De acordo com dados do IBGE levantados pelo portal Acorda Cidade, a Bahia segue entre os estados com maior número absoluto de católicos no país. Em 2022, cerca de 7 milhões de pessoas com 10 anos ou mais se declararam católicas, o que coloca o estado na terceira posição nacional em números totais. Proporcionalmente, os católicos representavam 57,0% da população, índice muito próximo da média brasileira, que foi de 56,8%.
Apesar de ainda serem maioria, os católicos vêm perdendo espaço ao longo das últimas décadas. Em 2000, quase 75% dos baianos afirmavam seguir essa religião. O percentual caiu para 65,7% em 2010 e chegou aos 57,0% em 2022.
Algumas cidades do interior mantêm forte predominância católica, como Botuporã e Tanque Novo, onde 93,8% dos moradores declararam essa fé. Já Salvador apresenta um cenário diferente: apenas 44,0% da população se declarou católica, o que faz da capital baiana a quinta menos católica do Brasil entre as capitais.
O levantamento do IBGE aponta crescimento contínuo das igrejas evangélicas na Bahia. Em 2022, o estado contabilizou 2,869 milhões de evangélicos, correspondendo a 23,3% da população com 10 anos ou mais. Em comparação, esse grupo representava 11,2% em 2000 e 17,1% em 2010.
Mesmo com a expansão, a Bahia ocupa apenas a 20ª posição nacional em proporção de evangélicos. O município de Mucuri, no extremo sul do estado, registra o maior percentual, com 39,6% da população.
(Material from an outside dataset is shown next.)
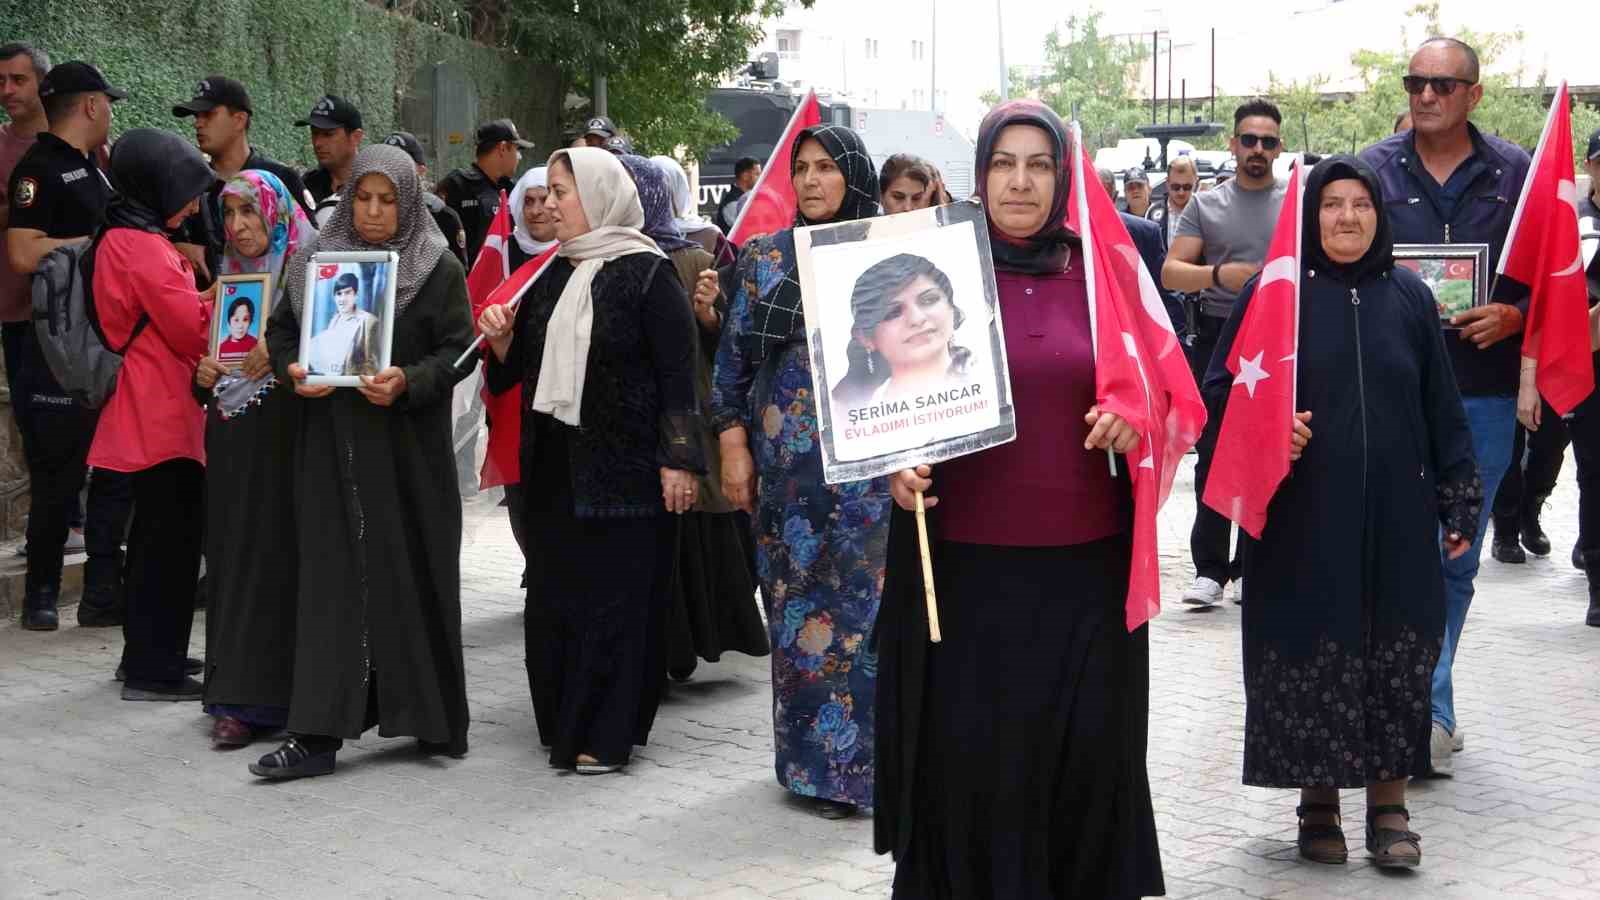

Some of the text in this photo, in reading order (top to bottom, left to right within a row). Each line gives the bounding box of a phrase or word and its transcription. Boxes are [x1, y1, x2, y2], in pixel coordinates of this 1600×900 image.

[848, 383, 981, 425] ŞERİMA SANCAR
[845, 417, 909, 440] EVLADIMI
Entre as capitais, Salvador aparece com a sexta menor proporção, com 24,3% de evangélicos.
O Censo também evidencia o fortalecimento das religiões de matriz africana, historicamente vítimas de perseguição e preconceito. Em 2022, a Bahia apresentou a quarta maior proporção do país de adeptos da umbanda e do candomblé, com 1,0% da população.
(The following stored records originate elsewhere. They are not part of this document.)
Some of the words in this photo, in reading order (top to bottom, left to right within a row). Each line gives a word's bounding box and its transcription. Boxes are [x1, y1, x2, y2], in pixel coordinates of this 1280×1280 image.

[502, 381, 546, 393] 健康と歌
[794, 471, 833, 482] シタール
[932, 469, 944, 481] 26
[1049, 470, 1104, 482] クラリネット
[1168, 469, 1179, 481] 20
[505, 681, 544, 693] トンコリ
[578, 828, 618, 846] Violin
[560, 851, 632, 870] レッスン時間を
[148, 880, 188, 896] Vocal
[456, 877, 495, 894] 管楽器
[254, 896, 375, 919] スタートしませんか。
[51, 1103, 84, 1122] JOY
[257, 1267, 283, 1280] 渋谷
Em números absolutos, o crescimento foi expressivo: o total de seguidores quase triplicou em 12 anos, passando de 42,9 mil em 2010 para 123,3 mil em 2022. O município de Itaparica lidera no estado, com 6,3% da população adepta dessas religiões. Salvador também se destaca no cenário nacional, ocupando a terceira posição entre as capitais, com 2,8%, atrás apenas de Porto Alegre (RS) e Rio de Janeiro (RJ).
O espiritismo também mantém presença relevante na Bahia. Segundo o IBGE, 123,4 mil pessoas se declararam espíritas em 2022, o que corresponde a 1,0% da população estadual. O município de Barra do Mendes aparece com a maior proporção, onde 4,5% dos moradores seguem essa doutrina.
Outro dado que chama atenção é o crescimento do grupo que afirma não ter religião. A Bahia ocupa a quarta posição nacional, com 12,9% da população, o equivalente a 1,586 milhão de pessoas.
Salvador lidera entre as capitais brasileiras nesse quesito, com 18,5% da população declarando não seguir nenhuma religião. No interior, o maior destaque é o município de Jussari, no sul do estado, onde 34,6% dos moradores afirmam não ter religião — o segundo maior índice do Brasil, atrás apenas de Chuí (RS).